Personal information
- Full name: Charles Frederick Swann
- Born: 6 August 1883 Leyton, Essex, England
- Died: 7 March 1960 (aged 76) Leytonstone, Essex, England
- Batting: Right-handed
- Bowling: Right-arm medium

Domestic team information
- 1912: Essex

Career statistics
| Competition | First-class |
| Matches | 1 |
| Runs scored | 0 |
| Batting average | 0.00 |
| 100s/50s | –/– |
| Top score | 0 |
| Balls bowled | – |
| Wickets | – |
| Bowling average | – |
| 5 wickets in innings | – |
| 10 wickets in match | – |
| Best bowling | – |
| Catches/stumpings | –/– |
- Source: Cricinfo, 1 December 2010

= Charles Swann =

English cricketer

Charles Frederick Swann (6 August 1883 – 7 March 1960) was an English cricketer.
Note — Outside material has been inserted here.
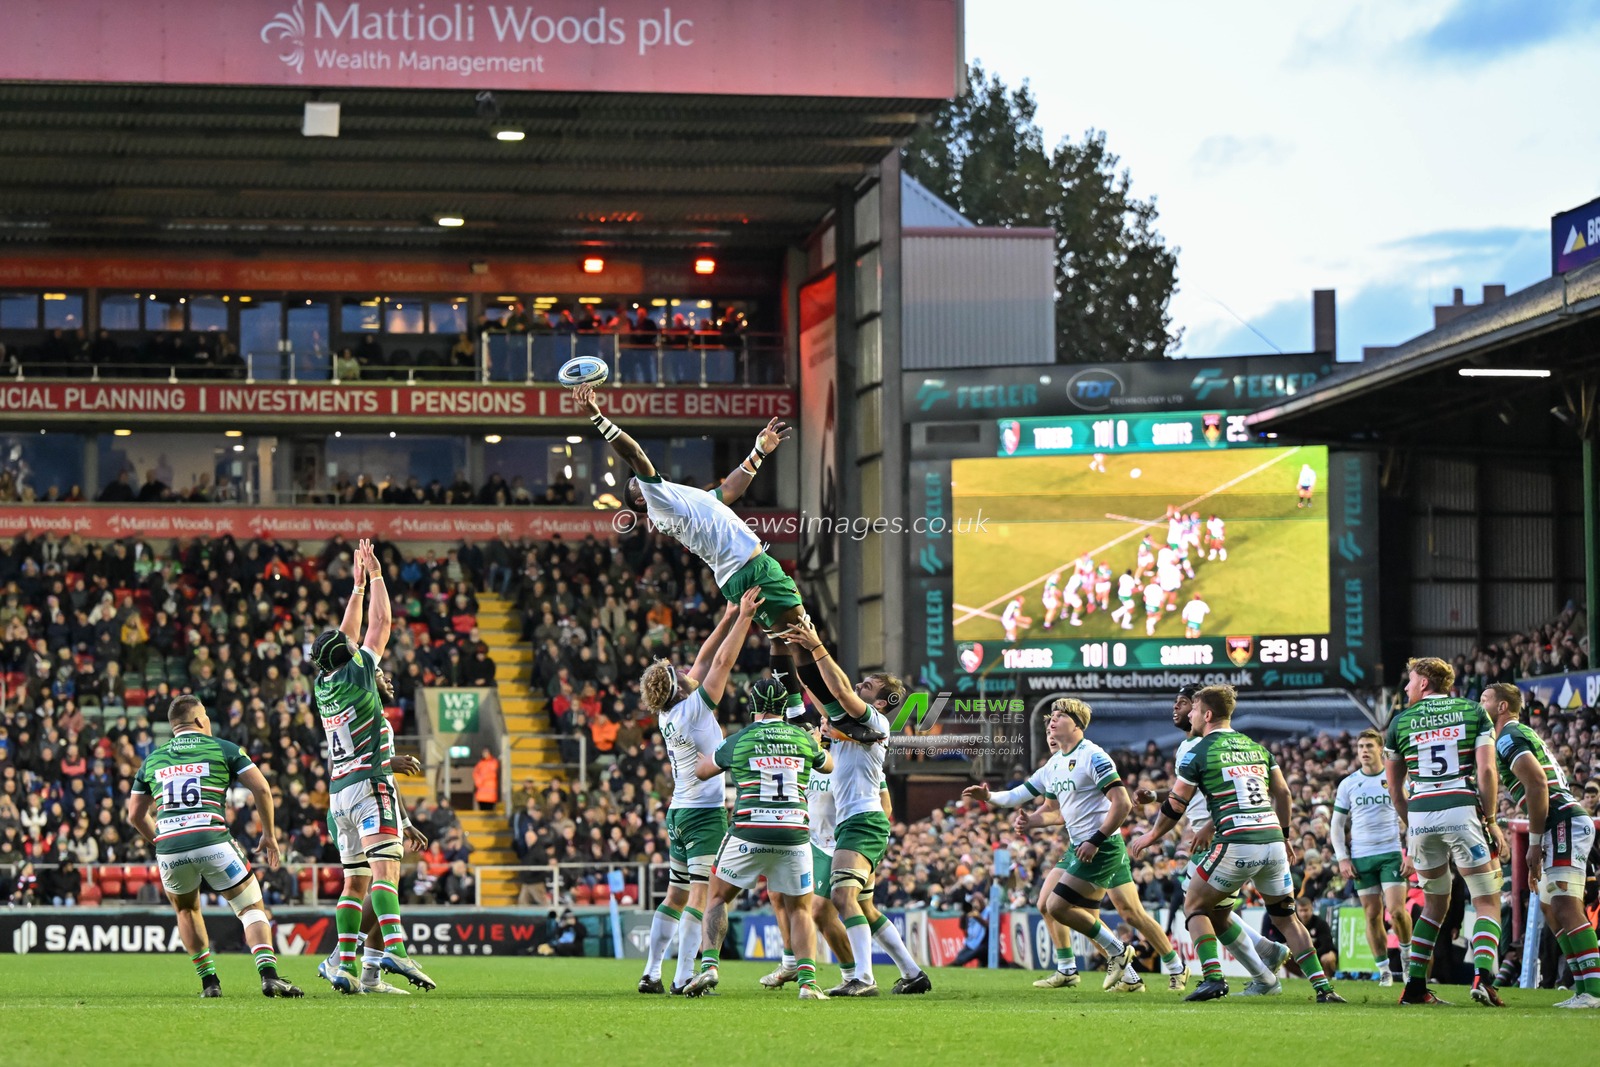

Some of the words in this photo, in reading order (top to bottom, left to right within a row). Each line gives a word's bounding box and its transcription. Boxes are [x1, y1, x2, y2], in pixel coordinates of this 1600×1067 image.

Swann was a right-handed batsman who bowled right-arm medium-pace. He was born at Leyton, Essex.

Swann made a single first-class appearance for Essex in 1912 against Yorkshire at the Fartown Ground, Huddersfield. In his only first-class innings, Swann was dismissed for a duck by Alonzo Drake.

He died at Leytonstone, Essex on 7 March 1960.